Task: The records below must be copied in full; omit the images.
─── Supplied material ───
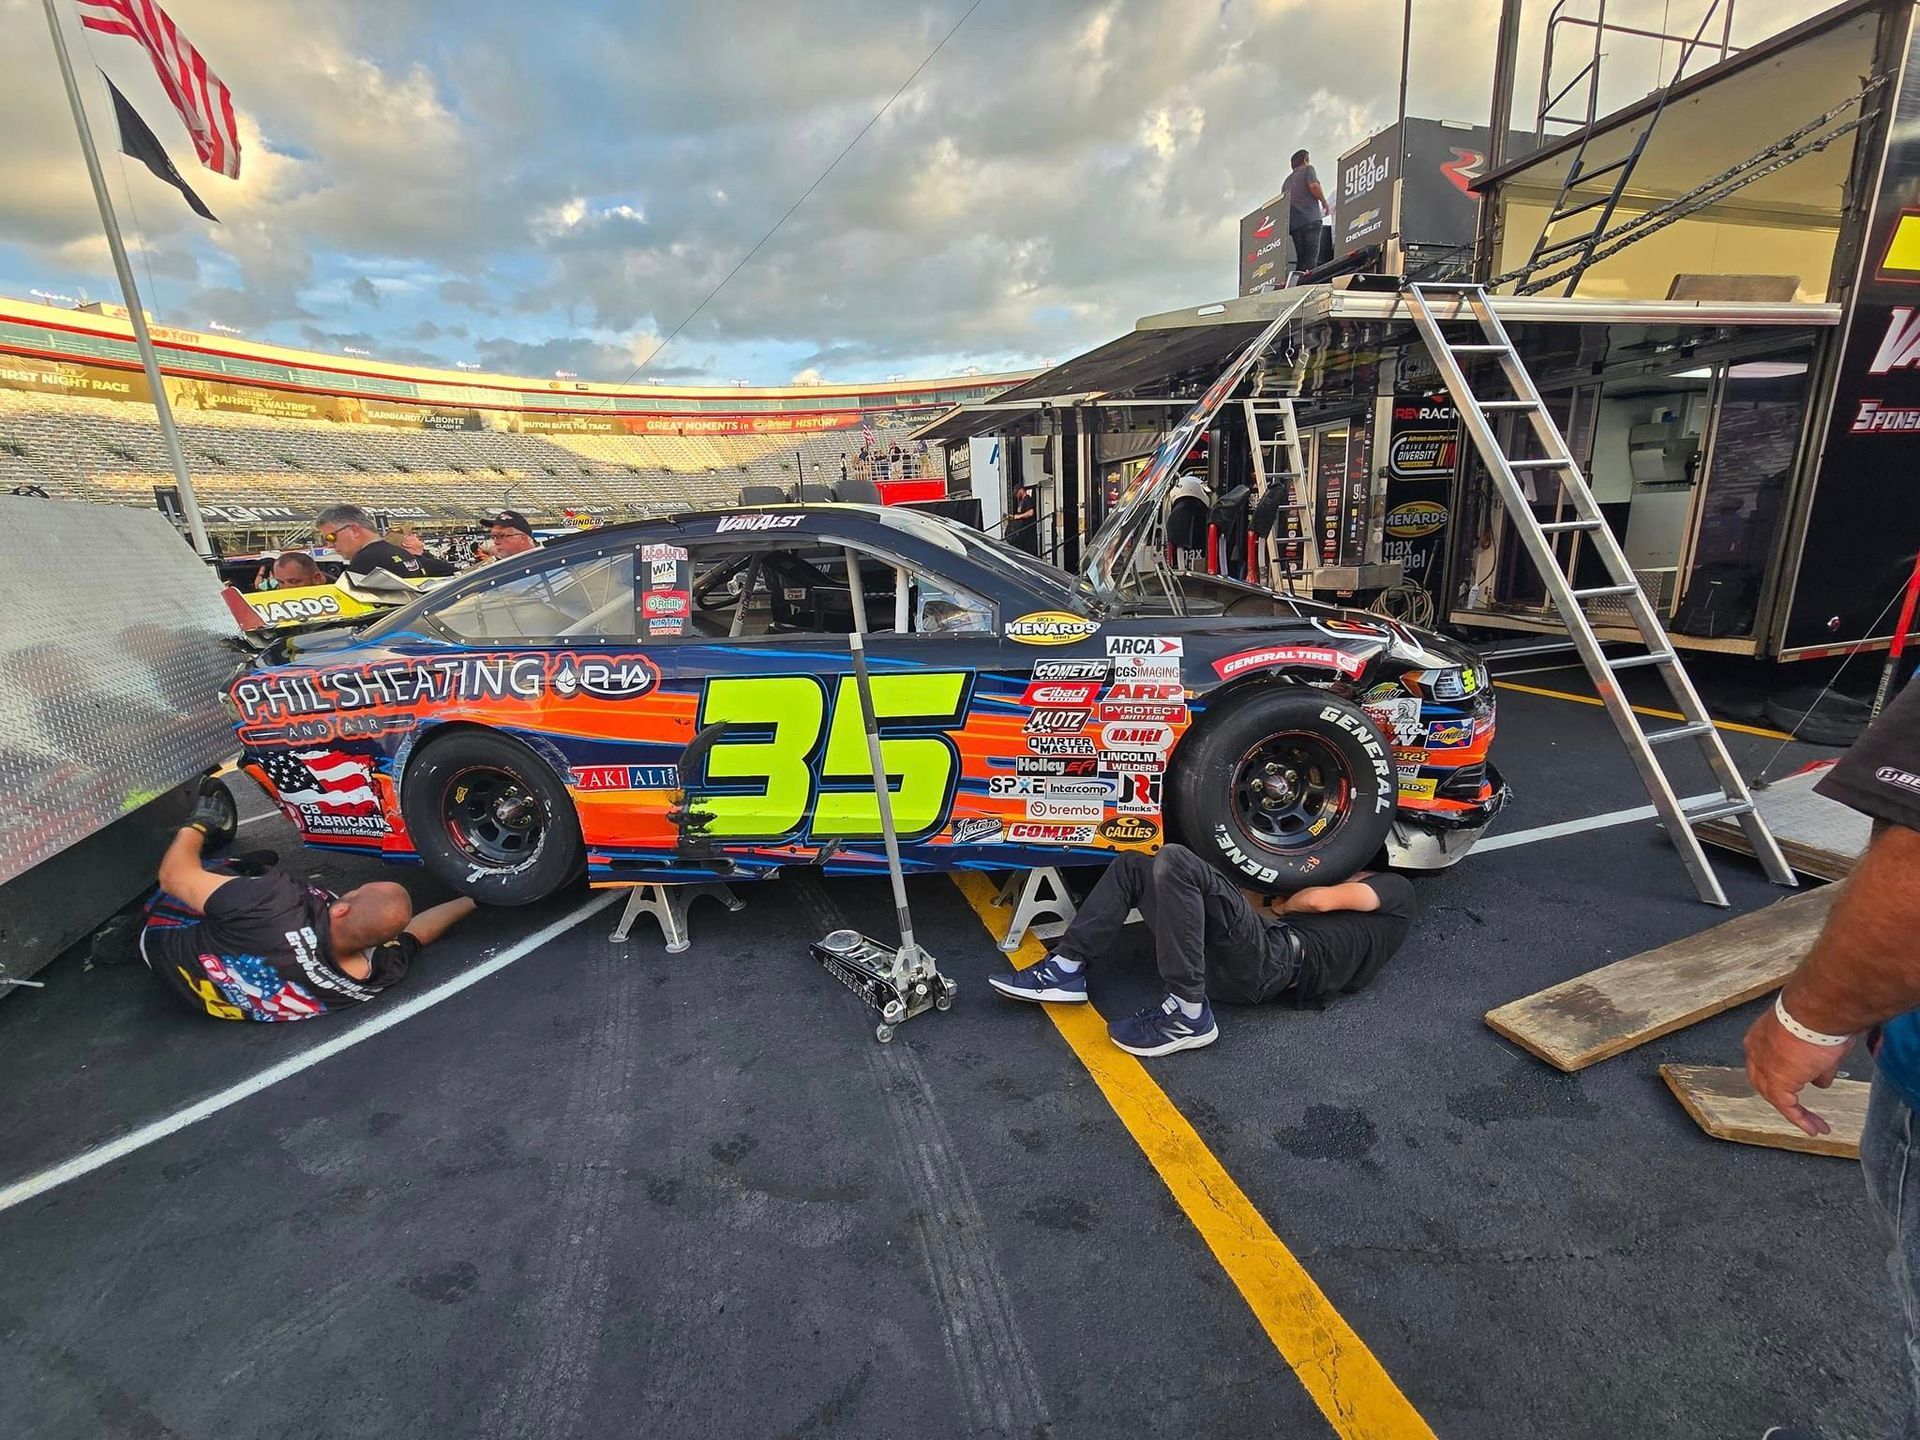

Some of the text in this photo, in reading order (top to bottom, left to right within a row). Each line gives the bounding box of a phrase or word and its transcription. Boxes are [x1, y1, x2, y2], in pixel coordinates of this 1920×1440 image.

[1345, 154, 1378, 182] max
[1345, 221, 1383, 243] CHEVROLET
[149, 328, 169, 338] OOD
[42, 374, 89, 388] NIGHT
[92, 380, 130, 393] RACE
[212, 394, 317, 413] DARRELL WALTRIP'S
[1396, 407, 1461, 420] REVRACIN
[1852, 402, 1920, 430] SPONS
[589, 423, 612, 431] TRACK
[647, 421, 683, 431] GREAT
[685, 421, 738, 431] MOMENTS
[796, 418, 839, 428] HISTORY
[1397, 450, 1438, 461] DIVERSITY
[565, 517, 602, 526] SUNOCO
[653, 561, 674, 576] WIX
[256, 596, 339, 622] NARDS
[649, 597, 685, 611] O'Reilly
[650, 618, 682, 628] NORTON
[1004, 621, 1099, 636] MENARDS
[1109, 639, 1156, 655] ARCA
[1223, 650, 1333, 674] GENERAL TIRE
[1034, 662, 1109, 678] COMETIC
[1032, 687, 1090, 703] Eibach
[1107, 683, 1184, 699] ARP
[1105, 705, 1182, 715] PYROTECT
[1362, 706, 1394, 716] Sioux
[1035, 710, 1088, 728] KLOTZ
[288, 718, 378, 738] AND AIR
[1111, 728, 1165, 742] DART
[1429, 730, 1471, 741] SUNOCO
[1029, 737, 1092, 749] QUARTER
[1040, 745, 1095, 755] MASTER
[689, 672, 967, 836] 35
[1100, 751, 1155, 763] LINCOLN
[1319, 706, 1392, 815] GENERAL
[1393, 751, 1430, 762] ese's
[1018, 756, 1066, 774] Holley
[1112, 762, 1159, 772] WELDERS
[575, 770, 629, 788] ZAKI
[633, 769, 668, 787] ALI
[1050, 783, 1108, 796] Intercomp
[300, 803, 320, 815] CB
[1049, 804, 1100, 816] brembo
[1118, 804, 1153, 812] shocks
[308, 827, 333, 835] Custom
[333, 828, 351, 836] Metal
[954, 819, 1001, 843] Jostens
[1012, 824, 1076, 839] COMP
[1106, 826, 1153, 839] CALLIES
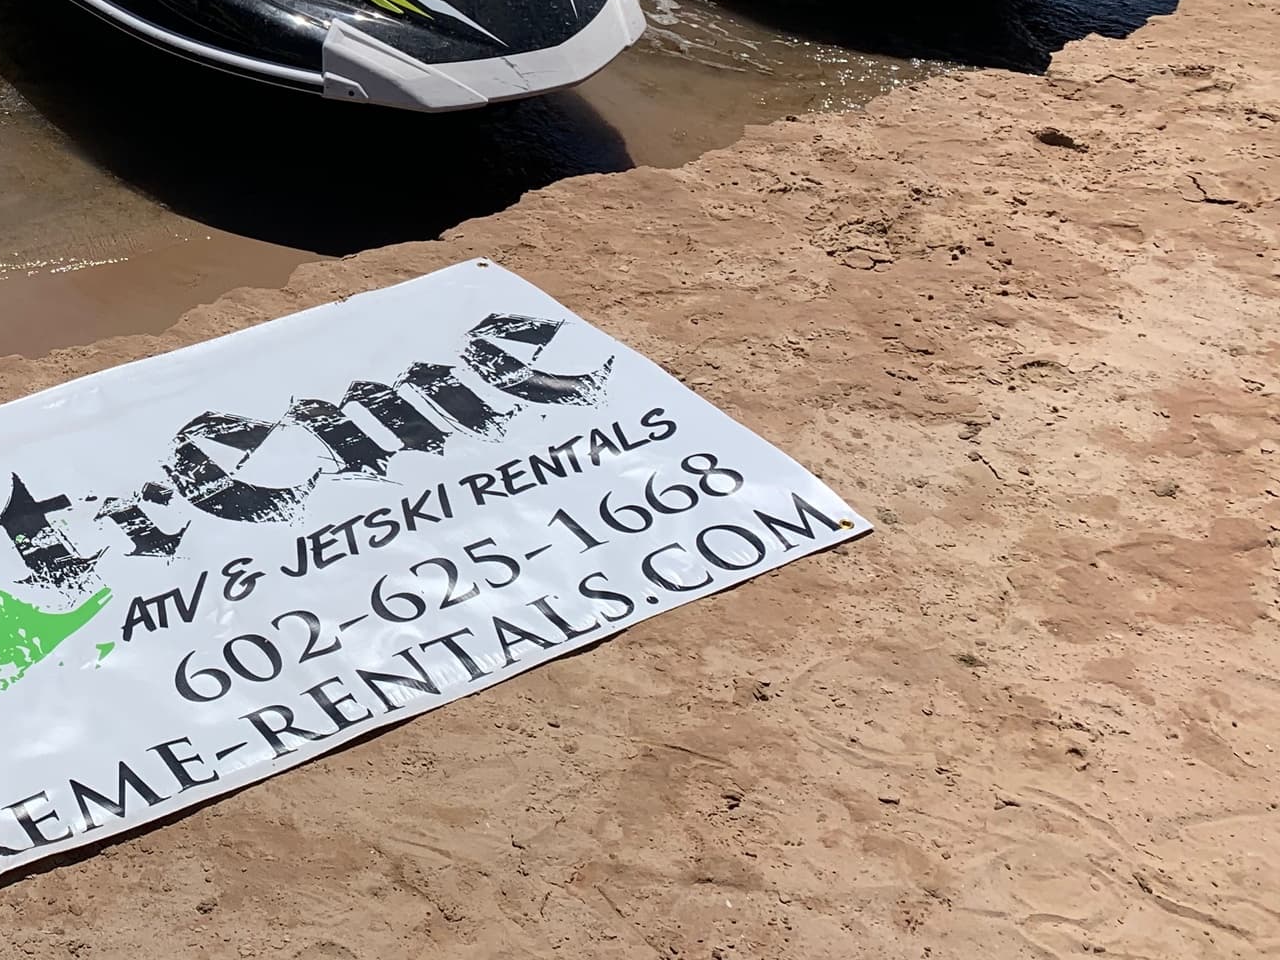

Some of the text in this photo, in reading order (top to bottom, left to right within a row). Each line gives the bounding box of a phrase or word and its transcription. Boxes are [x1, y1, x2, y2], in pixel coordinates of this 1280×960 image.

[121, 406, 678, 642] ATV & JETSKI RENTALS
[174, 451, 745, 703] 602-625-1668
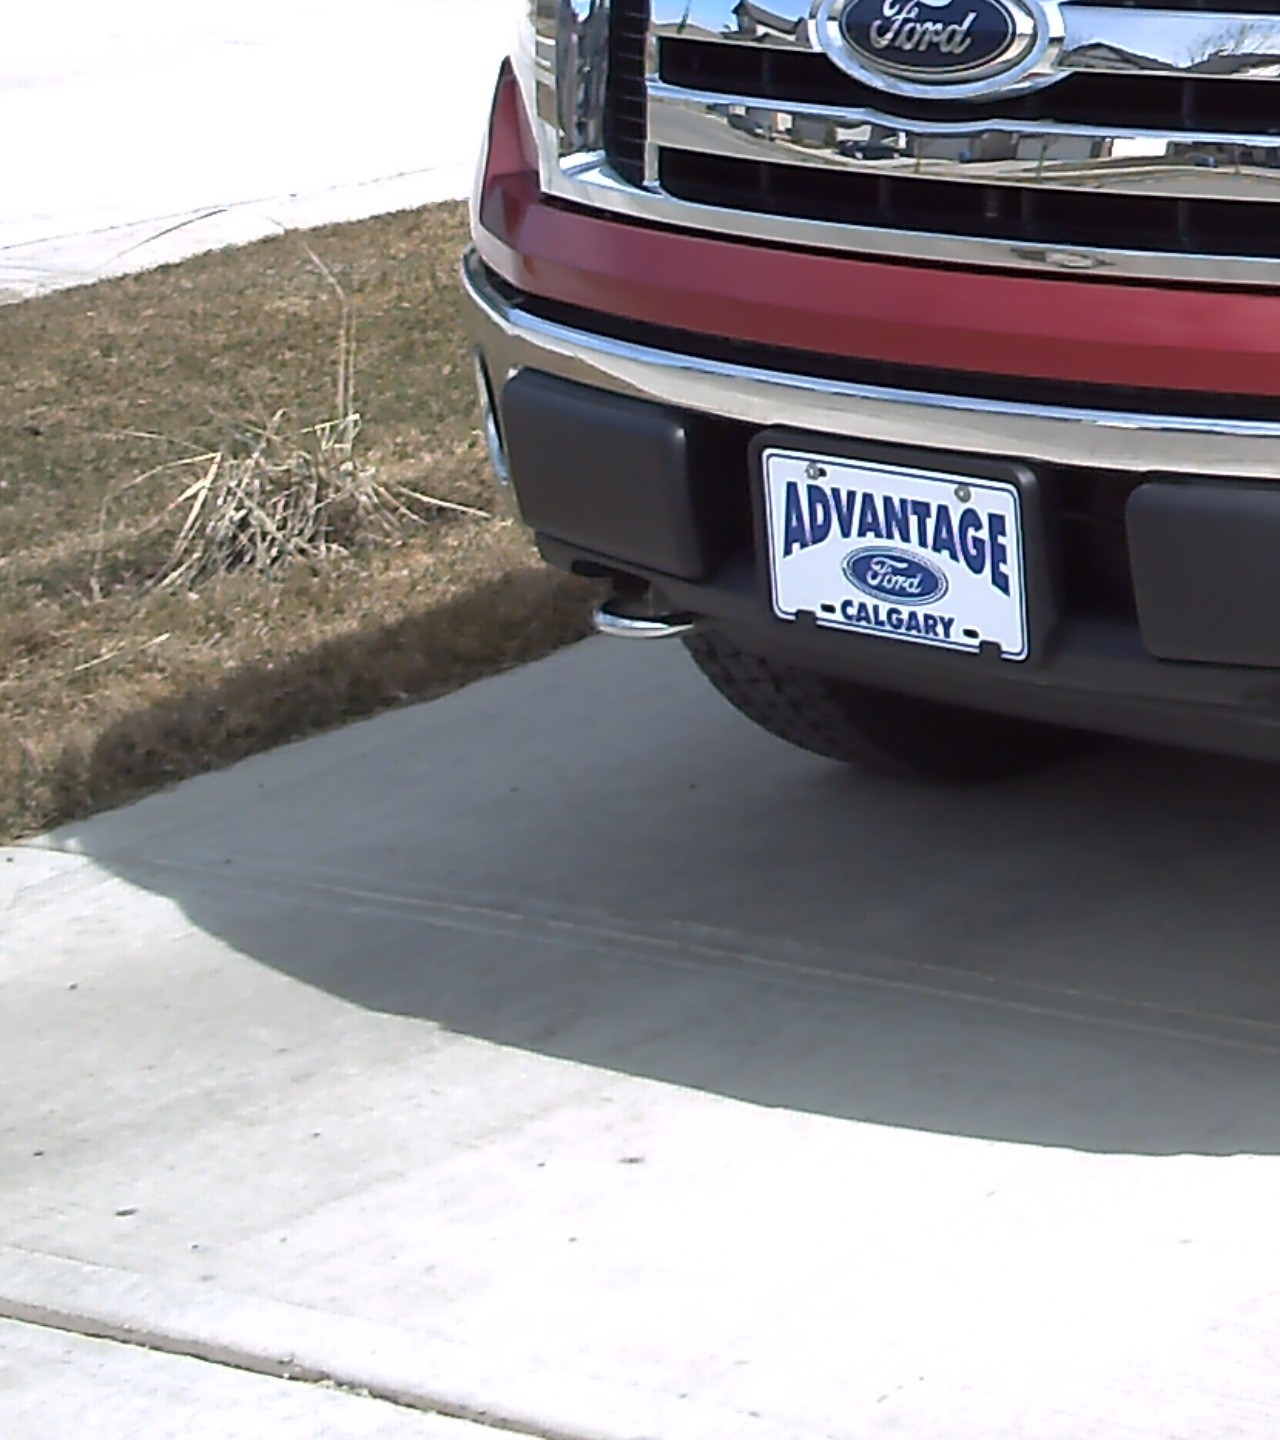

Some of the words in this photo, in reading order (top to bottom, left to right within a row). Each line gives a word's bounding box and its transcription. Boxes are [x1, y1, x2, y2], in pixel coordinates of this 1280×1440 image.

[783, 480, 1011, 597] ADVANTAGE
[866, 556, 922, 594] Ford
[840, 599, 955, 638] CALGARY
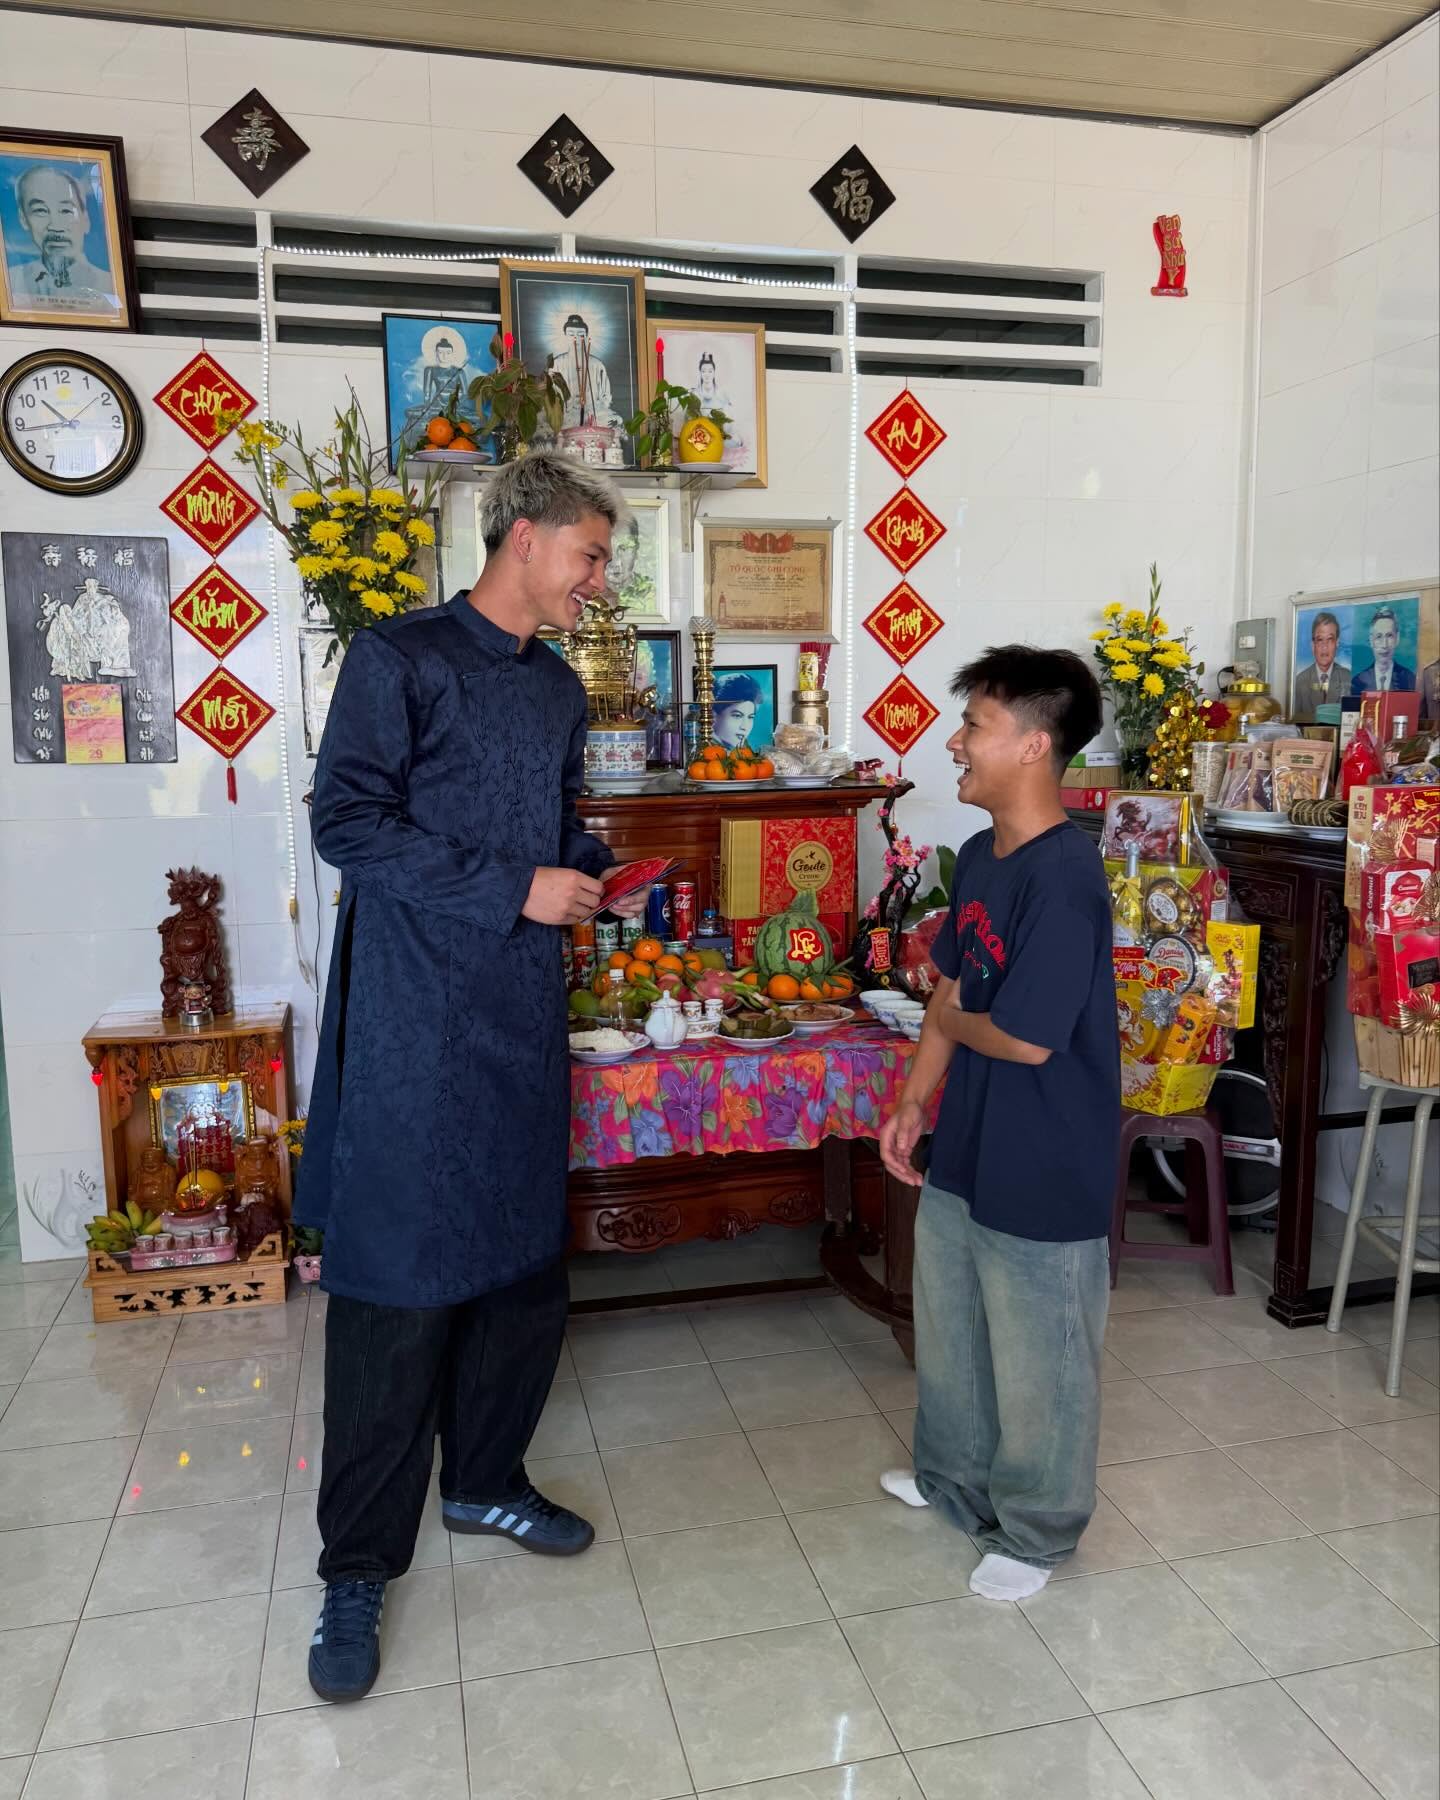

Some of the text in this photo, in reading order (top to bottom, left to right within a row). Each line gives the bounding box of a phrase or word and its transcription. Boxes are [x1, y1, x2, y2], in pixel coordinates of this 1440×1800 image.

[832, 167, 874, 224] 福
[33, 376, 48, 391] 11
[53, 370, 71, 384] 12
[82, 375, 90, 390] 1
[17, 393, 36, 408] 10
[100, 391, 112, 406] 2
[14, 416, 26, 432] 9
[111, 414, 121, 429] 3
[886, 417, 923, 451] AN
[25, 439, 36, 454] 8
[45, 454, 56, 470] 7
[192, 587, 239, 630] NĂM
───
Reply to the exercise:
Some of the text in this photo, in reading order (top to bottom, left to right within a row). Each line gives the bounding box of a phrase or word and its transcription. Boxes are [x1, y1, x2, y2], in pixel coordinates of this 1920×1440 image.

[1345, 154, 1378, 182] max
[1345, 221, 1383, 243] CHEVROLET
[149, 328, 169, 338] OOD
[42, 374, 89, 388] NIGHT
[92, 380, 130, 393] RACE
[212, 394, 317, 413] DARRELL WALTRIP'S
[1396, 407, 1461, 420] REVRACIN
[1852, 402, 1920, 430] SPONS
[589, 423, 612, 431] TRACK
[647, 421, 683, 431] GREAT
[685, 421, 738, 431] MOMENTS
[796, 418, 839, 428] HISTORY
[1397, 450, 1438, 461] DIVERSITY
[565, 517, 602, 526] SUNOCO
[653, 561, 674, 576] WIX
[256, 596, 339, 622] NARDS
[649, 597, 685, 611] O'Reilly
[650, 618, 682, 628] NORTON
[1004, 621, 1099, 636] MENARDS
[1109, 639, 1156, 655] ARCA
[1223, 650, 1333, 674] GENERAL TIRE
[1034, 662, 1109, 678] COMETIC
[1032, 687, 1090, 703] Eibach
[1107, 683, 1184, 699] ARP
[1105, 705, 1182, 715] PYROTECT
[1362, 706, 1394, 716] Sioux
[1035, 710, 1088, 728] KLOTZ
[288, 718, 378, 738] AND AIR
[1111, 728, 1165, 742] DART
[1429, 730, 1471, 741] SUNOCO
[1029, 737, 1092, 749] QUARTER
[1040, 745, 1095, 755] MASTER
[689, 672, 967, 836] 35
[1100, 751, 1155, 763] LINCOLN
[1319, 706, 1392, 815] GENERAL
[1393, 751, 1430, 762] ese's
[1018, 756, 1066, 774] Holley
[1112, 762, 1159, 772] WELDERS
[575, 770, 629, 788] ZAKI
[633, 769, 668, 787] ALI
[1050, 783, 1108, 796] Intercomp
[300, 803, 320, 815] CB
[1049, 804, 1100, 816] brembo
[1118, 804, 1153, 812] shocks
[308, 827, 333, 835] Custom
[333, 828, 351, 836] Metal
[954, 819, 1001, 843] Jostens
[1012, 824, 1076, 839] COMP
[1106, 826, 1153, 839] CALLIES

Some of the text in this photo, in reading order (top to bottom, left to right within a row). Each line gives the bounding box of a phrase or word and its transcription. Boxes are [x1, y1, x2, y2], in pixel coordinates of this 1280×960 image.

[121, 406, 678, 642] ATV & JETSKI RENTALS
[174, 451, 745, 703] 602-625-1668

Some of the words in this photo, in reading order (top to bottom, left to right within a row). Each line gives a word's bounding box and its transcription. Boxes are [x1, y1, x2, y2], in pixel coordinates of this 1280×1440 image.

[783, 480, 1011, 597] ADVANTAGE
[866, 556, 922, 594] Ford
[840, 599, 955, 638] CALGARY

Some of the text in this photo, in reading order (top to bottom, left to right within a row). Each line gives the bounding box of a phrase or word and its transcription. Boxes are [x1, y1, x2, y2], in pixel coordinates of this 1440×1800 image.

[832, 167, 874, 224] 福
[33, 376, 48, 391] 11
[53, 370, 71, 384] 12
[82, 375, 90, 390] 1
[17, 393, 36, 408] 10
[100, 391, 112, 406] 2
[14, 416, 26, 432] 9
[111, 414, 121, 429] 3
[886, 417, 923, 451] AN
[25, 439, 36, 454] 8
[45, 454, 56, 470] 7
[192, 587, 239, 630] NĂM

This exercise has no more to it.